[Text-to-region grounding data]
::::

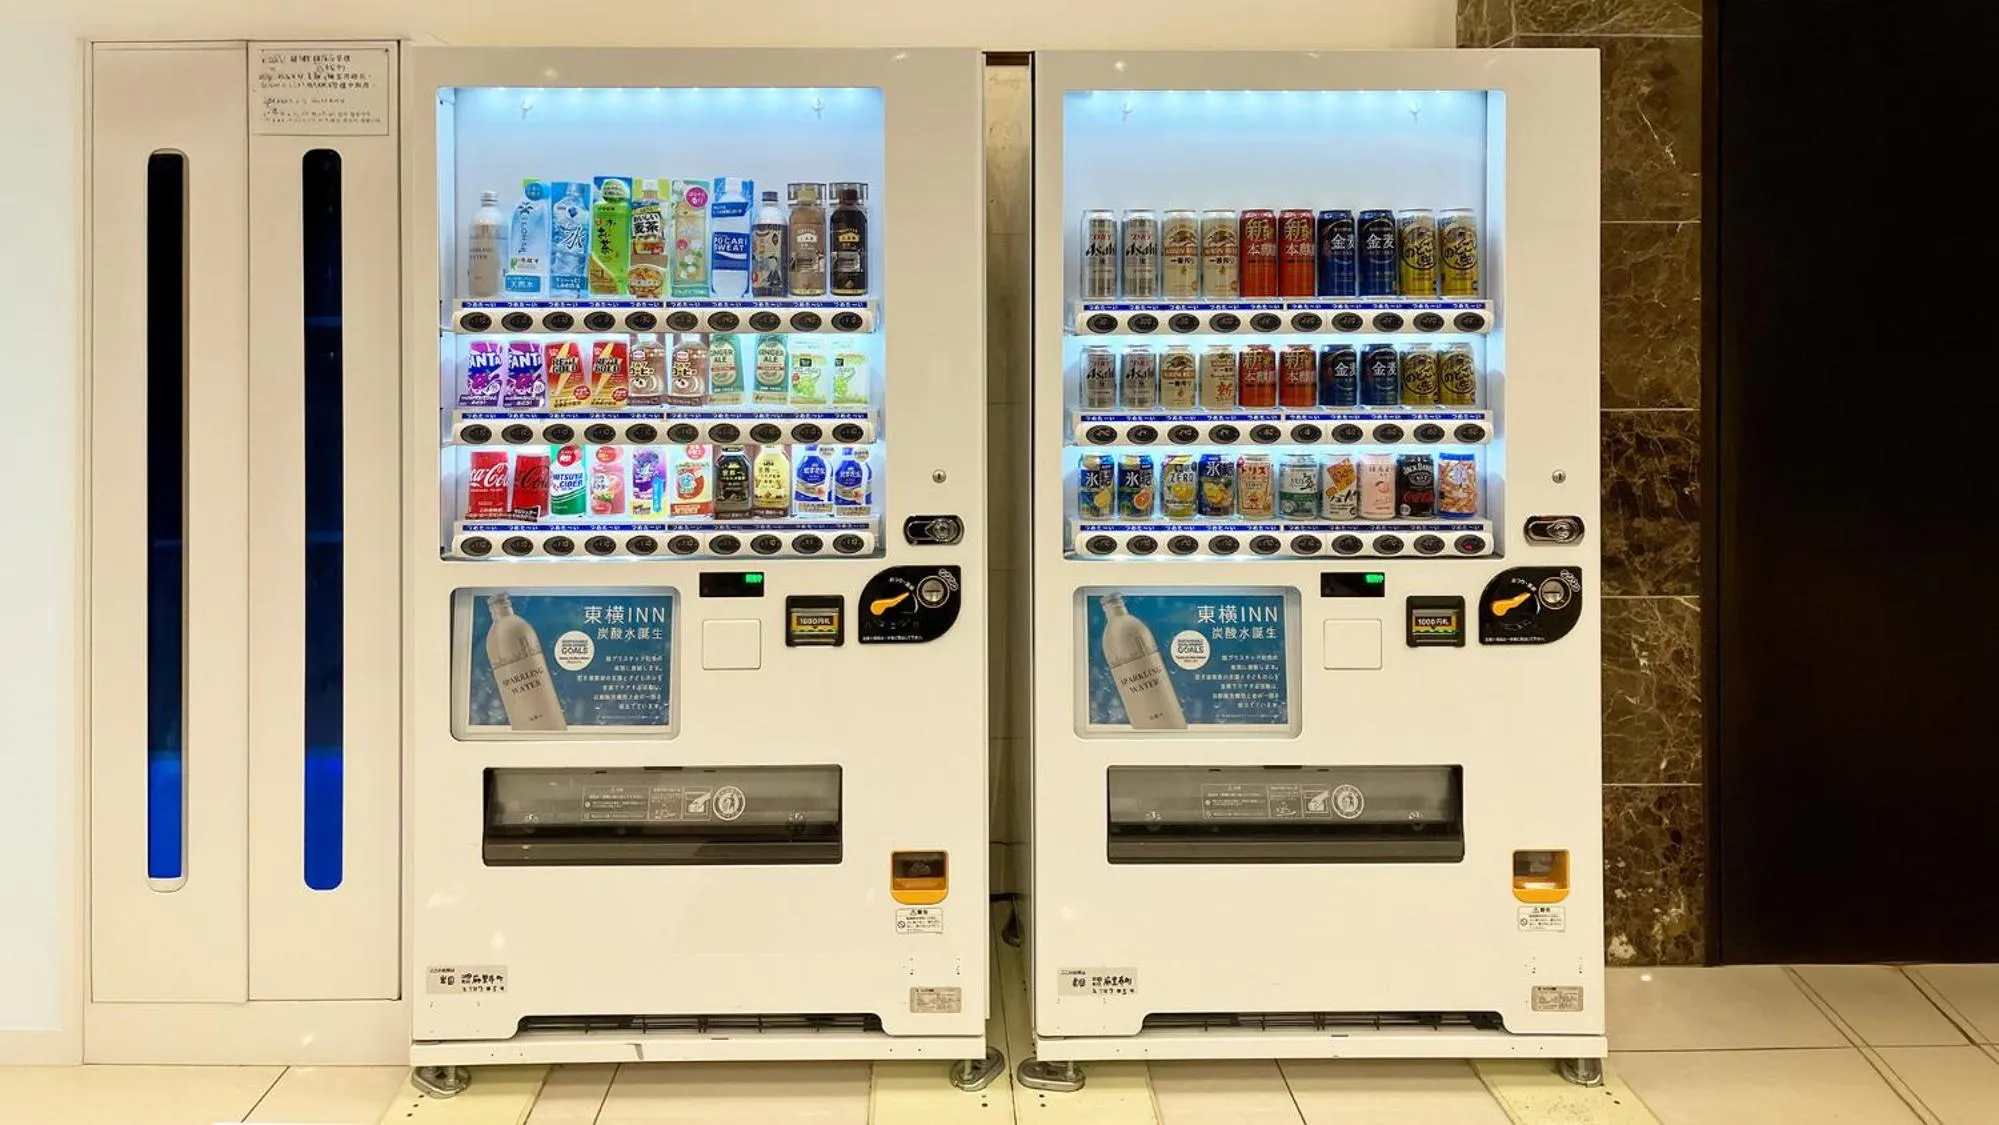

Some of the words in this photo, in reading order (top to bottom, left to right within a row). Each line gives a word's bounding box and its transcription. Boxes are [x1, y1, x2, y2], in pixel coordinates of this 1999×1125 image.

[634, 222, 659, 234] 麦茶
[714, 237, 747, 245] POCARI
[714, 244, 745, 252] SWEAT
[1366, 233, 1395, 250] 金麦
[1371, 361, 1397, 377] 金麦
[1170, 472, 1194, 482] ZERO
[584, 605, 665, 624] 東横INN
[1197, 604, 1278, 624] 東横INN
[597, 627, 663, 641] 炭酸水誕生
[1211, 627, 1277, 640] 炭酸水誕生
[561, 646, 589, 655] GOALS
[502, 666, 544, 687] SPARKLING
[1120, 665, 1162, 686] SPARKLING
[511, 679, 542, 696] WATER
[1129, 678, 1161, 694] WATER
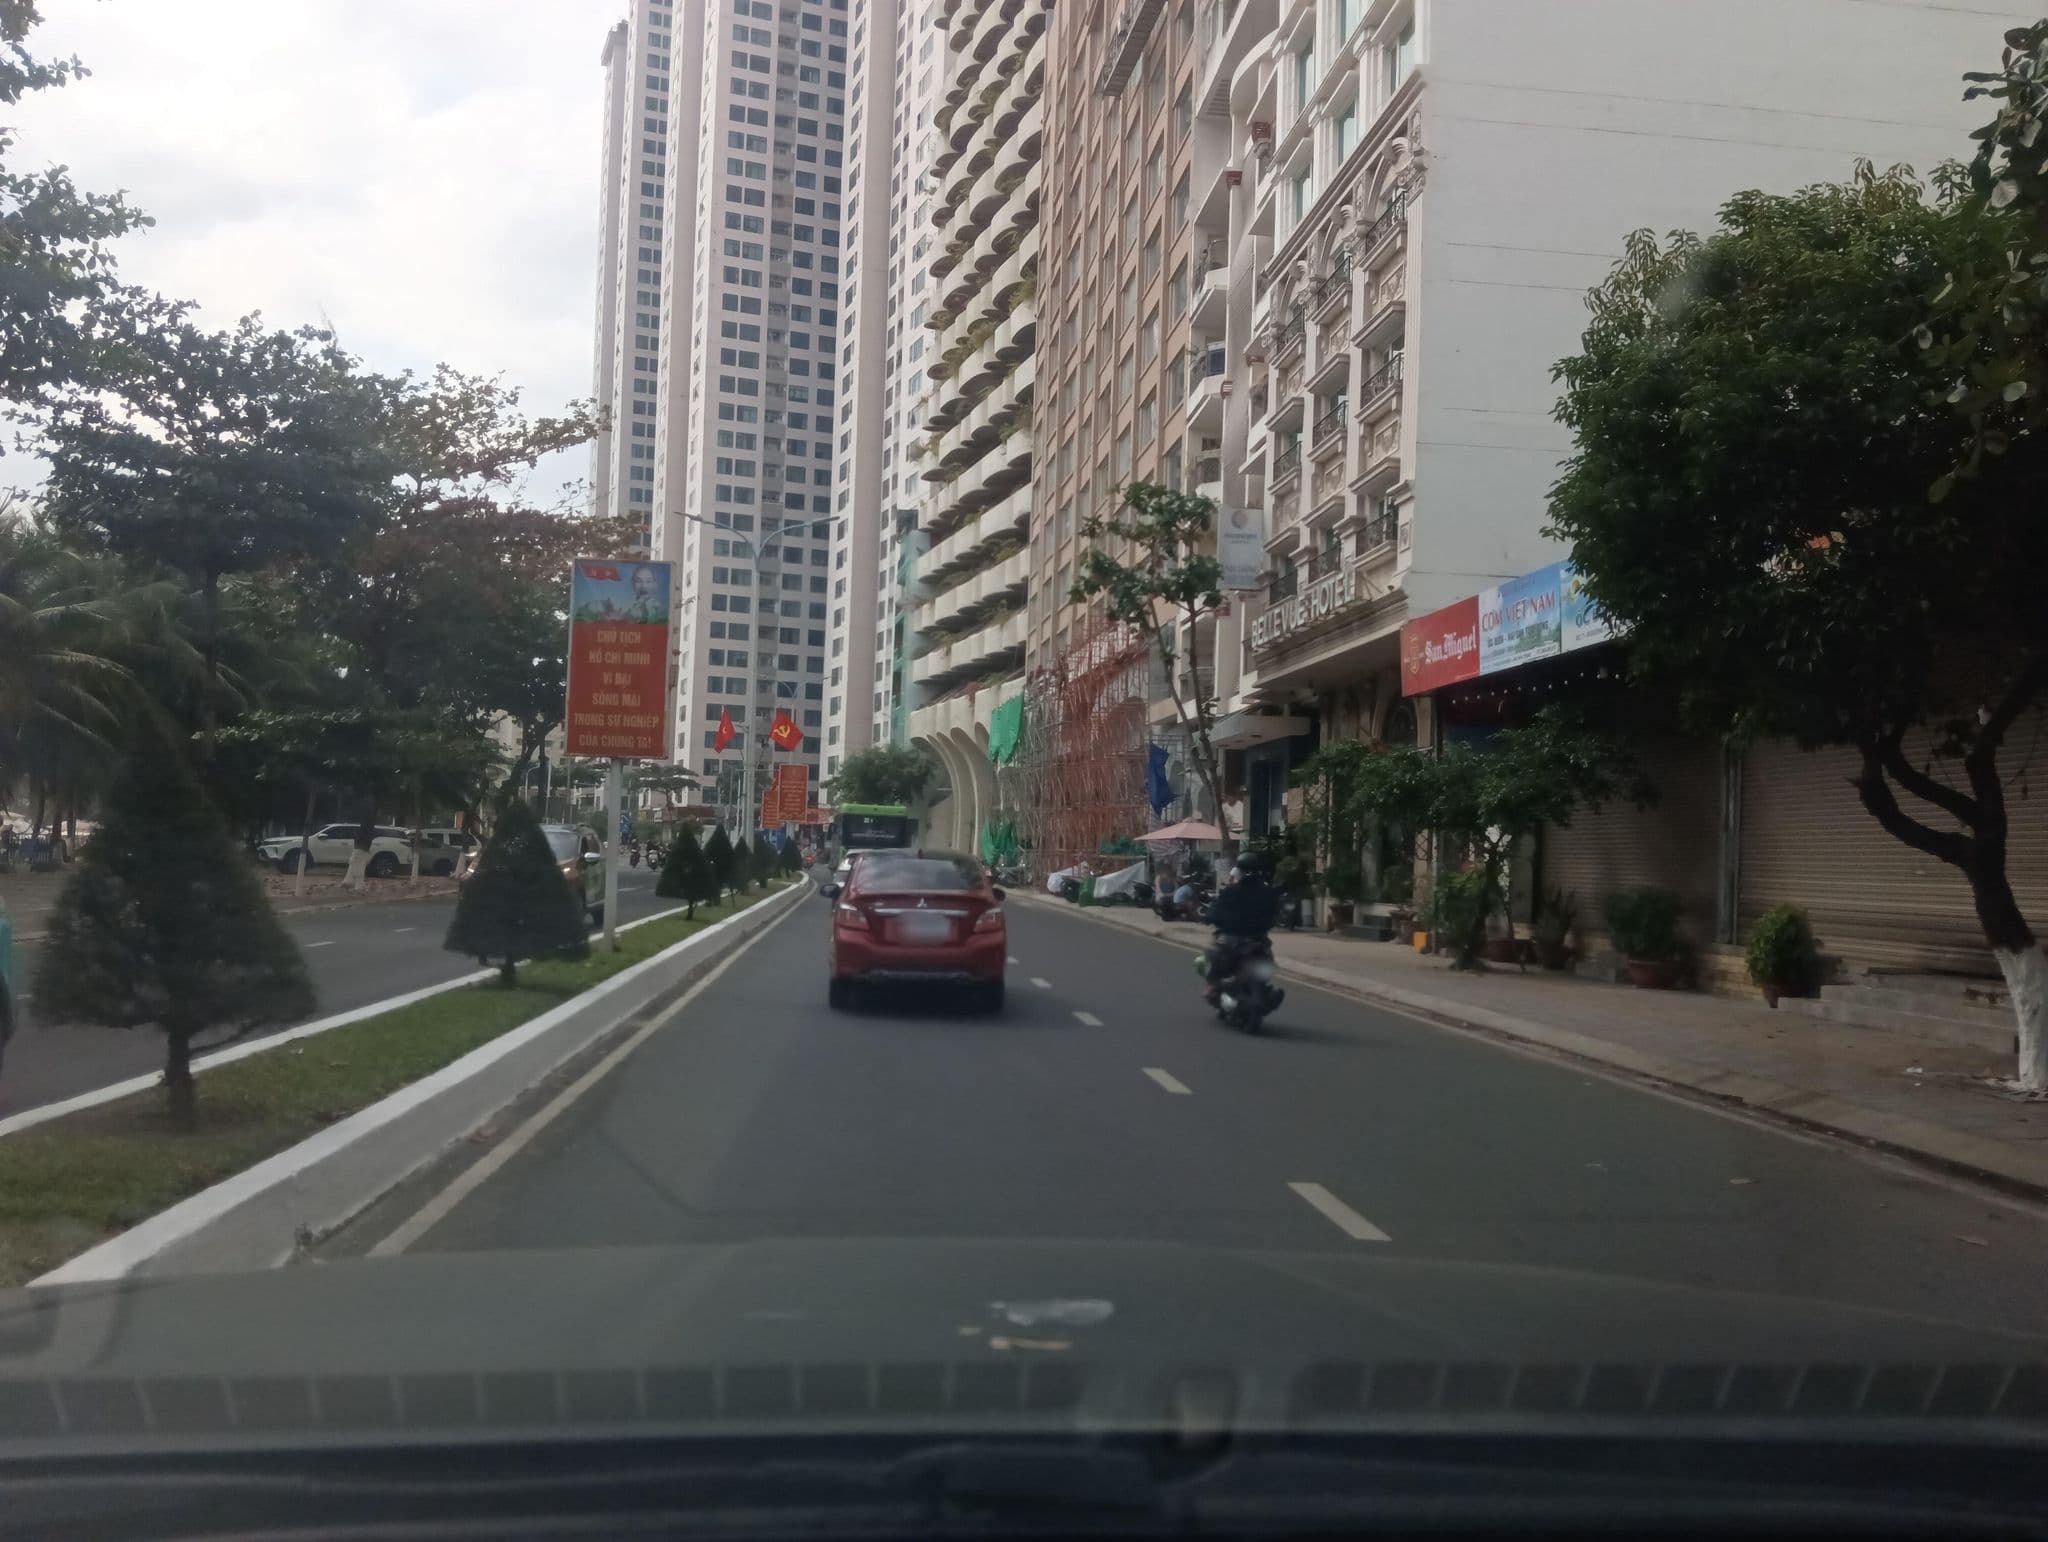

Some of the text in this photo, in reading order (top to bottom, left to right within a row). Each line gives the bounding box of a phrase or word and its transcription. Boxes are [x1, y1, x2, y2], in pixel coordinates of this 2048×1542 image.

[1252, 571, 1354, 648] BELLEVUE HOTEL
[1529, 590, 1556, 617] NAM
[623, 652, 650, 665] MINH
[1424, 639, 1443, 665] San
[1441, 623, 1477, 660] Miguel

::::

▸ **What is needed**
Please copy the line holding "Some of the text" and all lines after it to the end of the records, exactly, and nothing else.

▸ **Answer to this exercise**
Some of the text in this photo, in reading order (top to bottom, left to right within a row). Each line gives the bounding box of a phrase or word and its transcription. Boxes are [x1, y1, x2, y2], in pixel coordinates of this 2048×1542 image.

[1252, 571, 1354, 648] BELLEVUE HOTEL
[1529, 590, 1556, 617] NAM
[623, 652, 650, 665] MINH
[1424, 639, 1443, 665] San
[1441, 623, 1477, 660] Miguel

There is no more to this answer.